A Prefeitura de Nazaré da Mata publicou decreto que cria o recadastramento obrigatório dos responsáveis pelos boxes públicos do município. A ação busca organizar o uso dos espaços e garantir transparência.
A medida atinge boxes do Mercado Público, do Terminal Rodoviário e de outros equipamentos municipais.
A gestão informa que não há dados atualizados sobre quem utiliza os boxes. Em alguns casos, há uso irregular ou repasse do espaço a terceiros.
O recadastramento vai atualizar informações e verificar a regularidade do uso. A Prefeitura também quer garantir que os boxes cumpram sua função social.
Todos os responsáveis pelos boxes públicos devem se recadastrar. O comparecimento é obrigatório.

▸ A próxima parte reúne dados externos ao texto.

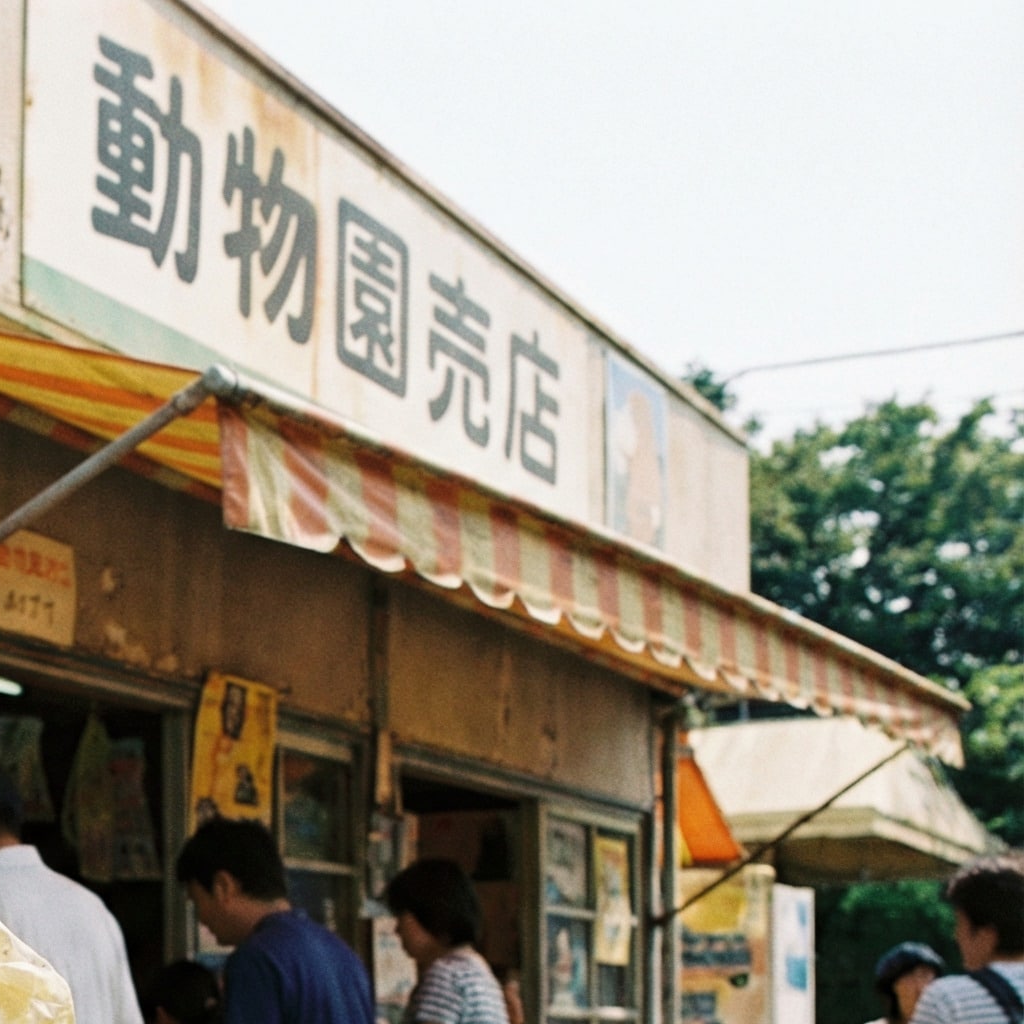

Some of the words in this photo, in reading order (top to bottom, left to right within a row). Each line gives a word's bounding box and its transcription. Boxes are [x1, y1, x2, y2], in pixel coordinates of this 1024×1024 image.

[91, 35, 561, 486] 動物園売店
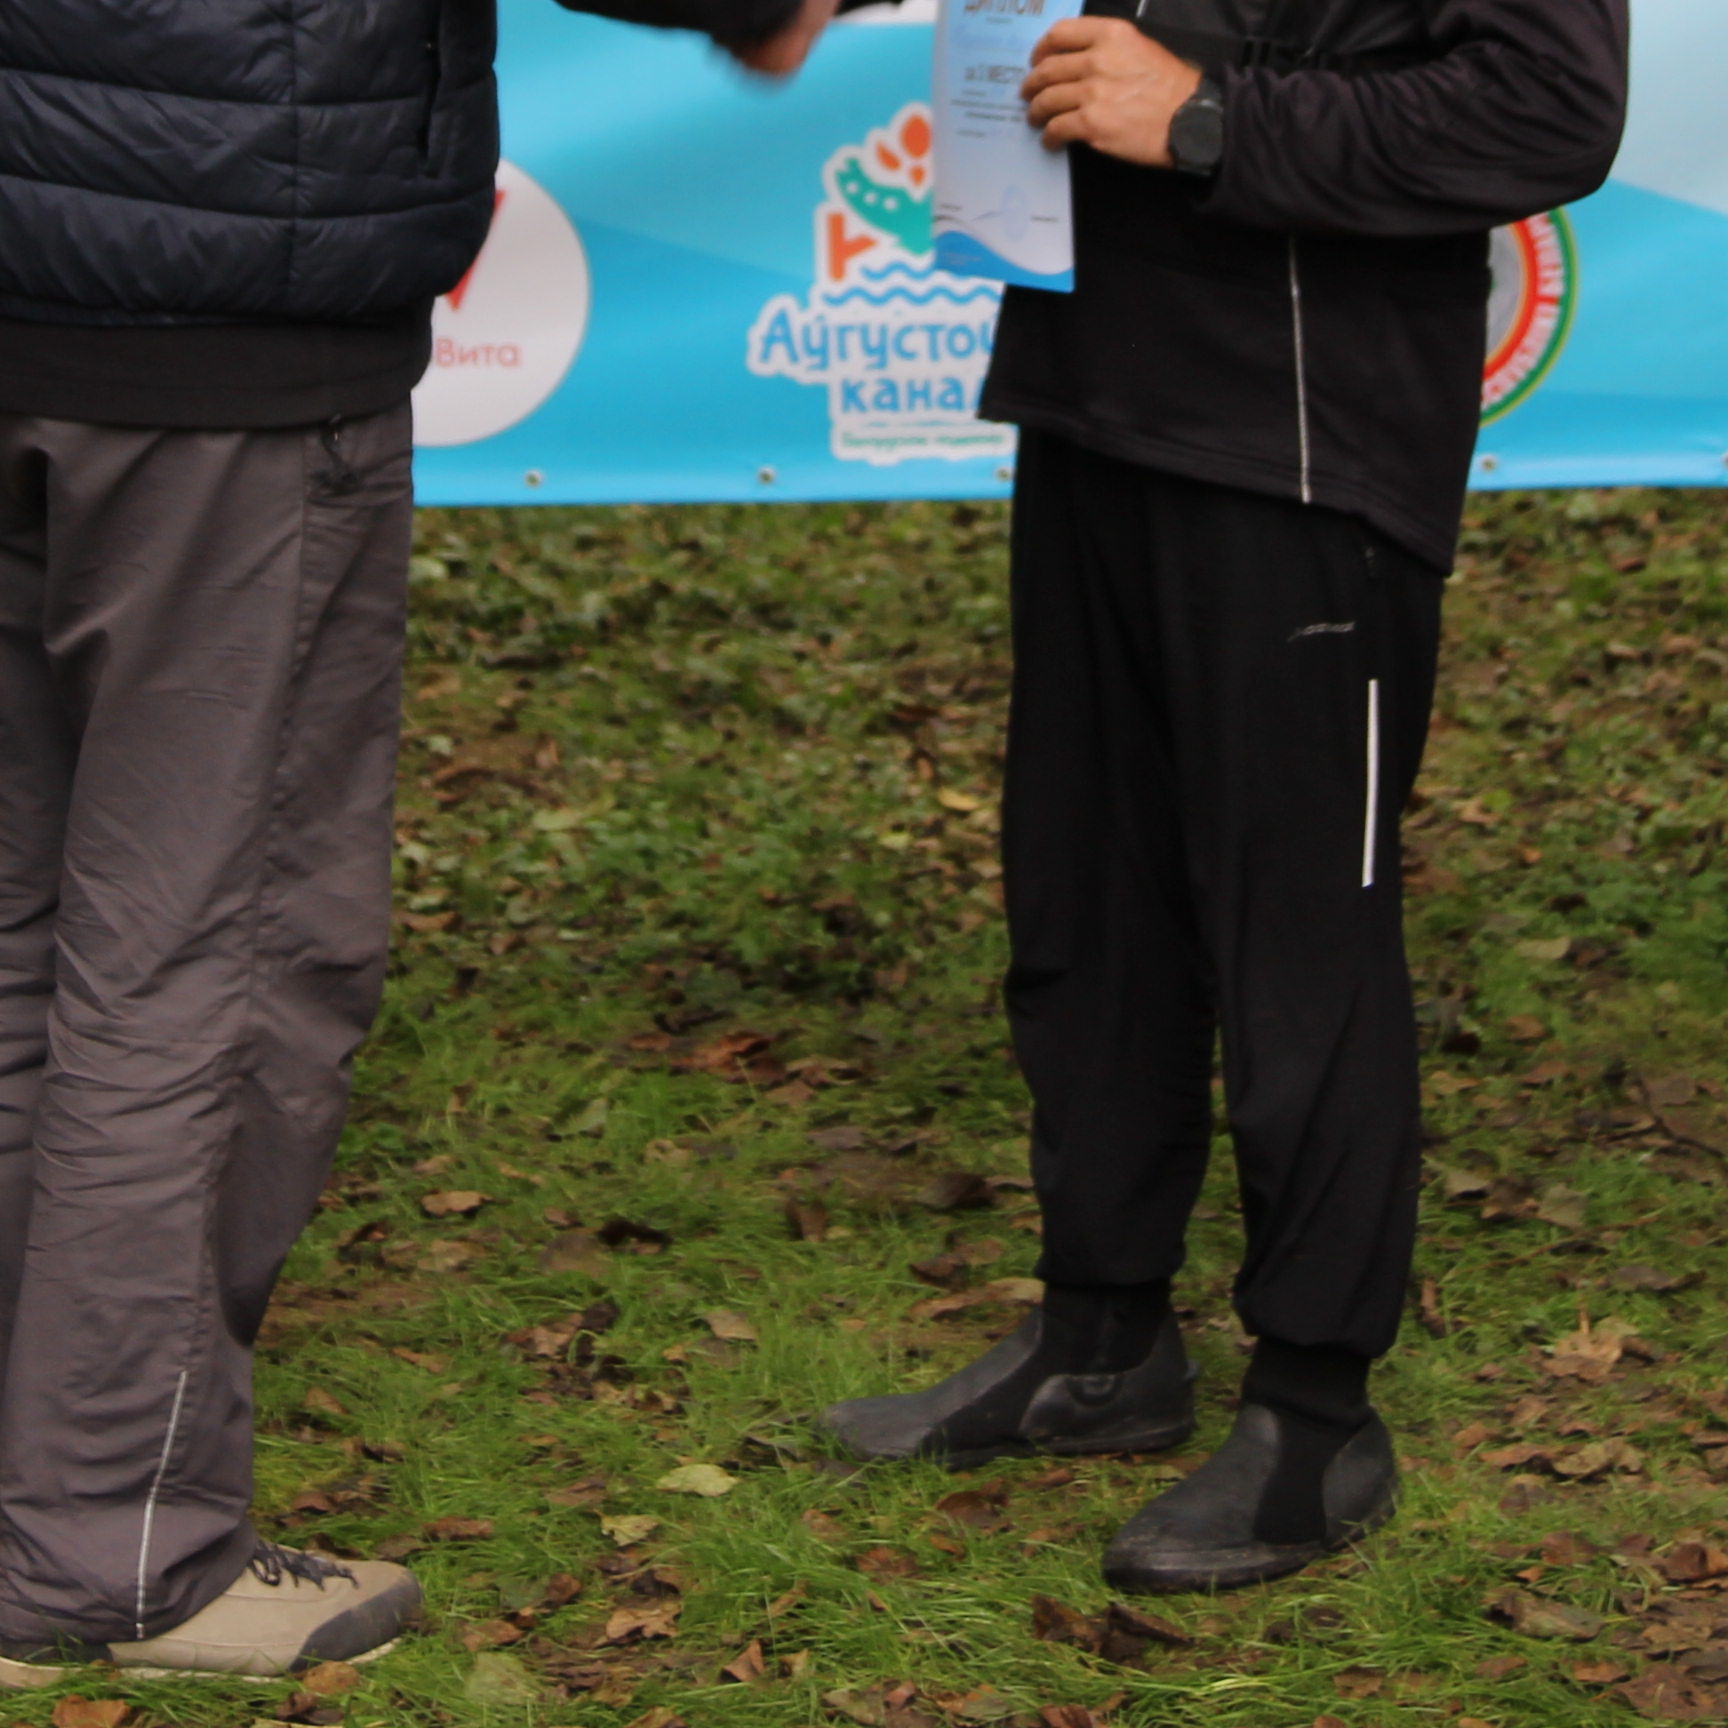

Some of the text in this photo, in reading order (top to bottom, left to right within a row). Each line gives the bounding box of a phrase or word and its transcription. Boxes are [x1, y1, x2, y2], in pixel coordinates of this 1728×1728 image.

[435, 337, 521, 368] Вита
[759, 308, 996, 370] Аўгусто
[841, 377, 984, 413] кана

Quem não participar do recadastramento poderá perder o direito de uso do boxe. A regra vale para todos os espaços públicos incluídos no decreto.

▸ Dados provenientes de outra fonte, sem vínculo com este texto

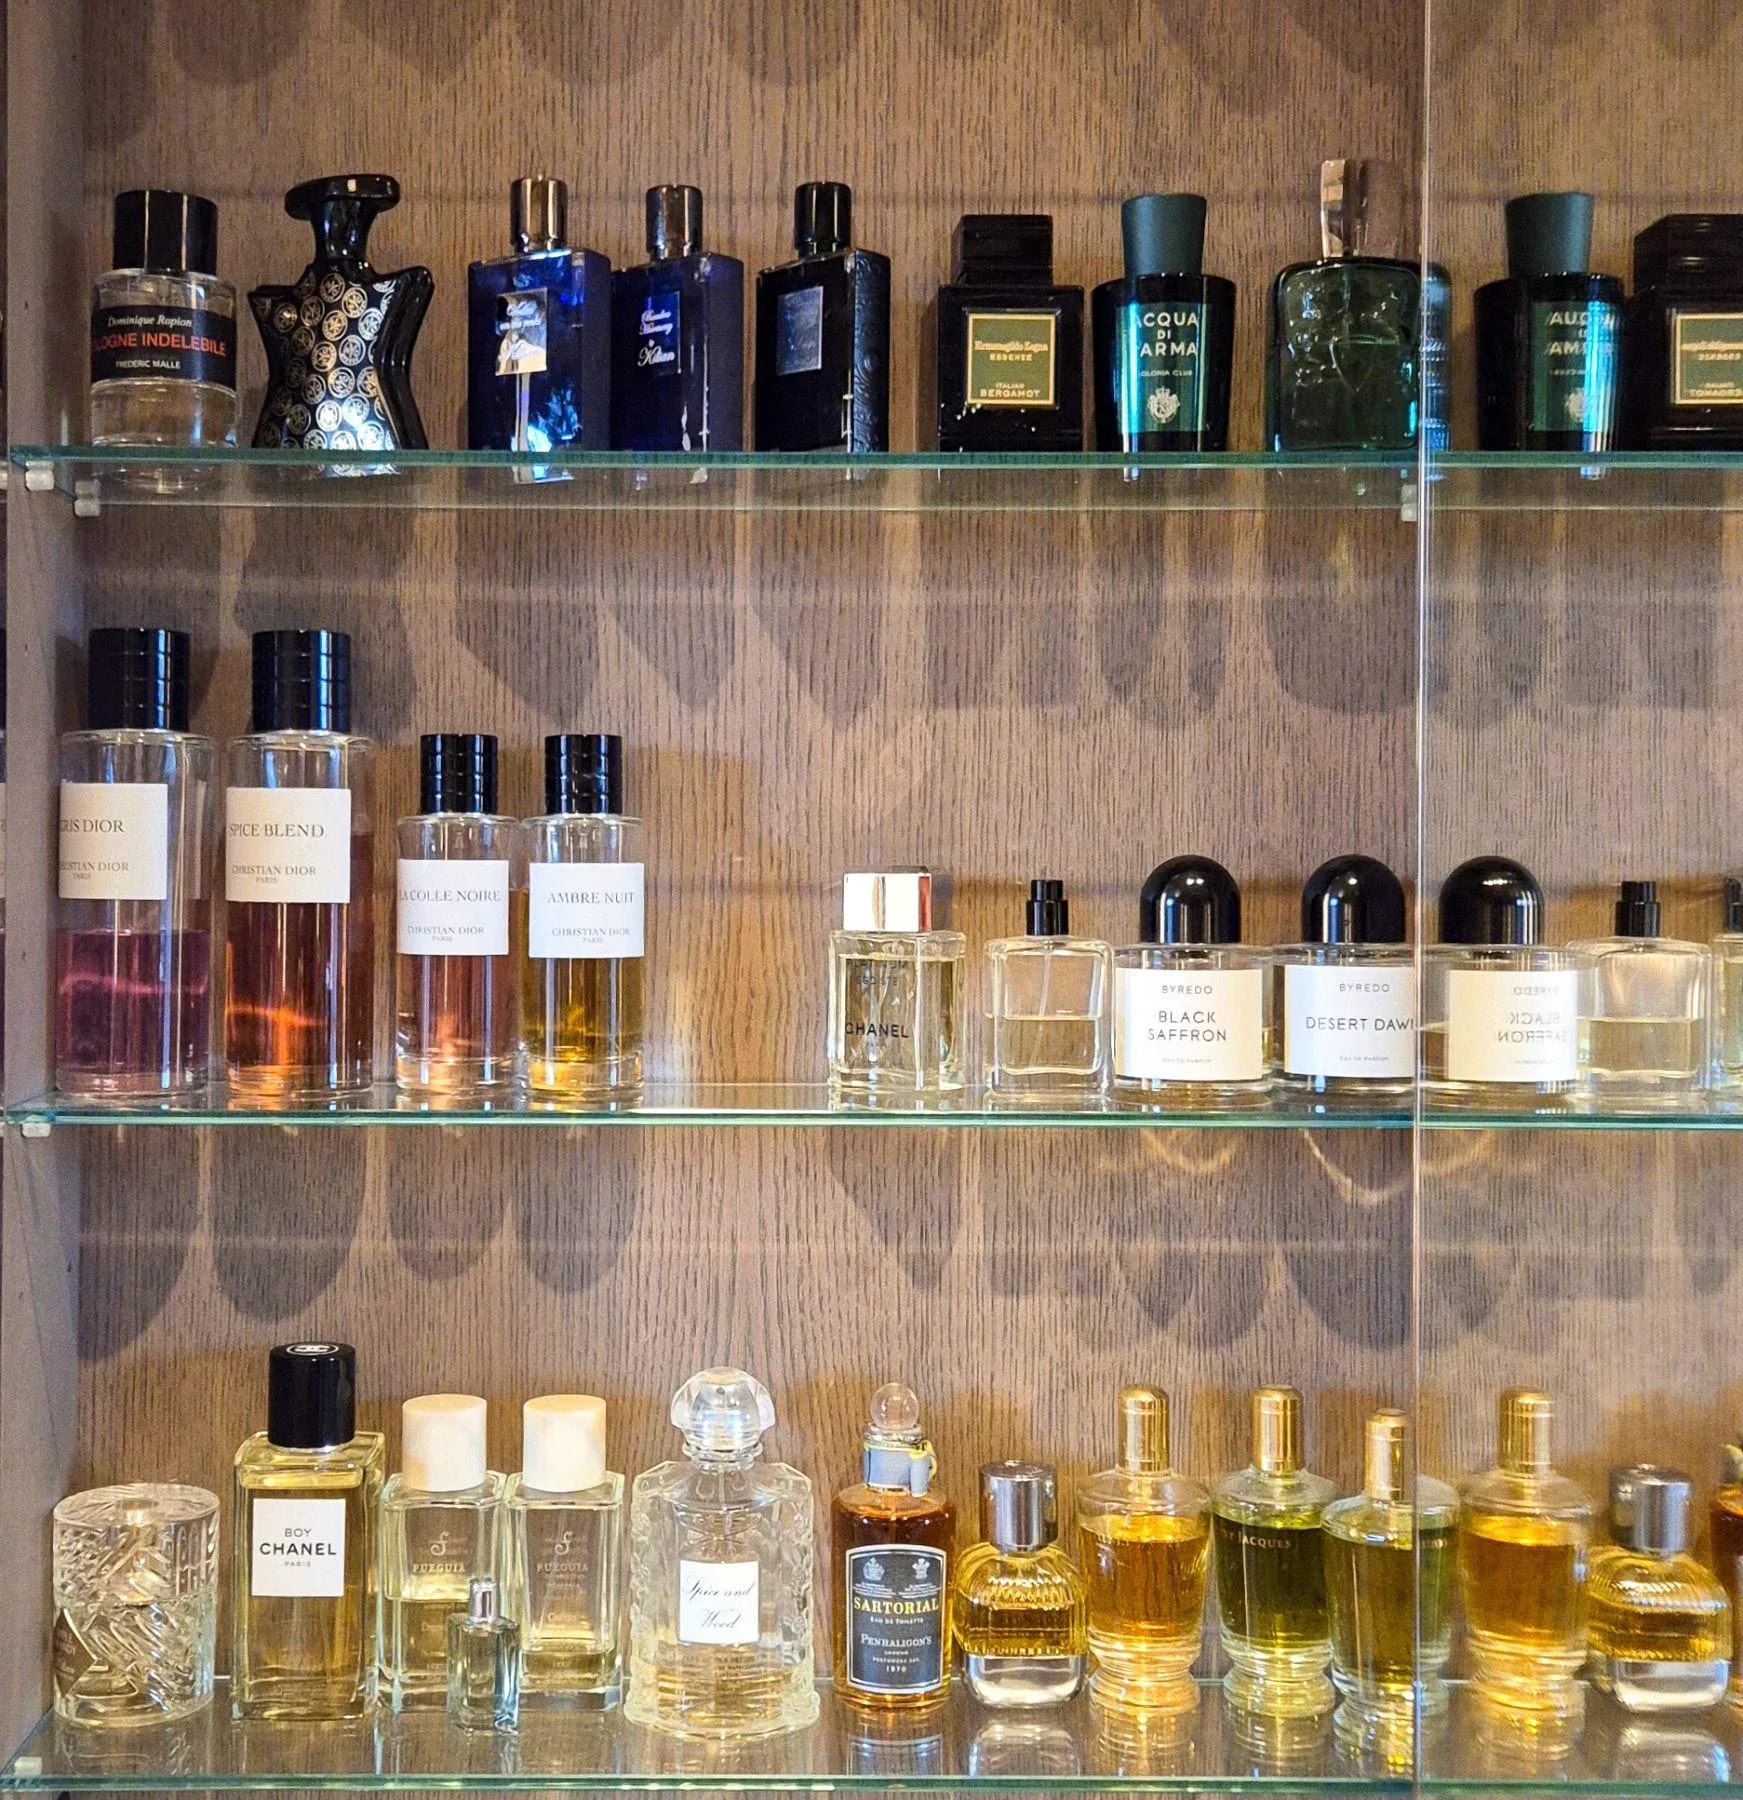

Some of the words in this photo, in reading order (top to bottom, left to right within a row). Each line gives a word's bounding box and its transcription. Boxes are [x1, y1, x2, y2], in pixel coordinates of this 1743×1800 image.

[108, 315, 154, 327] Dominique
[157, 314, 192, 328] Ropion
[1157, 329, 1171, 339] DI
[142, 333, 226, 357] INDELEBILE
[1137, 341, 1198, 357] ARMA
[152, 360, 181, 369] MALLE
[980, 389, 1040, 398] BERGAMOT
[83, 819, 125, 833] DIOR
[229, 823, 260, 837] SPICE
[264, 823, 324, 838] BLEND
[98, 862, 129, 871] DIOR
[231, 865, 282, 875] CHRISTIAN
[285, 866, 317, 875] DIOR
[256, 876, 278, 884] PARIS
[456, 890, 502, 902] NOIRE
[547, 891, 600, 904] AMBRE
[604, 891, 635, 904] NUIT
[407, 925, 456, 935] CHRISTIAN
[458, 926, 485, 935] DIOR
[551, 927, 606, 937] CHRISTIAN
[608, 927, 632, 936] DIOR
[1162, 985, 1213, 995] BYREDO
[1339, 983, 1390, 993] BYREDO
[1158, 1010, 1216, 1024] BLACK
[1306, 1016, 1368, 1031] DESERT
[845, 1022, 909, 1038] CHANEL
[1148, 1028, 1227, 1042] SAFFRON
[284, 1527, 313, 1538] BOY
[260, 1542, 337, 1556] CHANEL
[412, 1563, 466, 1573] FUEGUIA
[724, 1582, 756, 1597] and
[854, 1597, 939, 1614] SARTORIAL
[861, 1632, 932, 1647] PENHALIGON'S

O processo será coordenado pela Secretaria Municipal de Segurança Pública. A pasta vai divulgar cronograma, formulários e orientações por edital.
Os responsáveis deverão comparecer dentro do prazo definido. Será exigida documentação que comprove a titularidade e o uso regular do boxe.
Quem não se apresentar será notificado no próprio boxe ou por aviso oficial. Após a notificação, haverá prazo para apresentar documentos e defesa.
Se não houver resposta, a Prefeitura poderá abrir processo administrativo. O direito de uso do boxe poderá ser revogado.
Caso a documentação seja insuficiente, a Prefeitura poderá realizar vistoria no local. Um relatório técnico será elaborado para análise.
O responsável poderá se manifestar sobre o relatório. O recurso será analisado com apoio da Procuradoria do Município.
O decreto também trata de casos de uso irregular do boxe por terceiros. Quando houver boa-fé comprovada, o ocupante poderá ter prioridade para novo termo de uso.
A medida prevê prioridade na concessão de novos boxes para comerciantes informais. O benefício vale para quem atua há pelo menos quatro anos em áreas irregulares.
Para ter prioridade, o comerciante deve retirar a barraca irregular. Também deve assumir o compromisso de não voltar a ocupar áreas proibidas.
As novas permissões de uso terão prazo máximo de quatro anos. As permissões antigas seguem válidas conforme a legislação.
Todos os responsáveis devem cumprir normas comerciais e sanitárias. O descumprimento repetido pode levar ao cancelamento do direito de uso.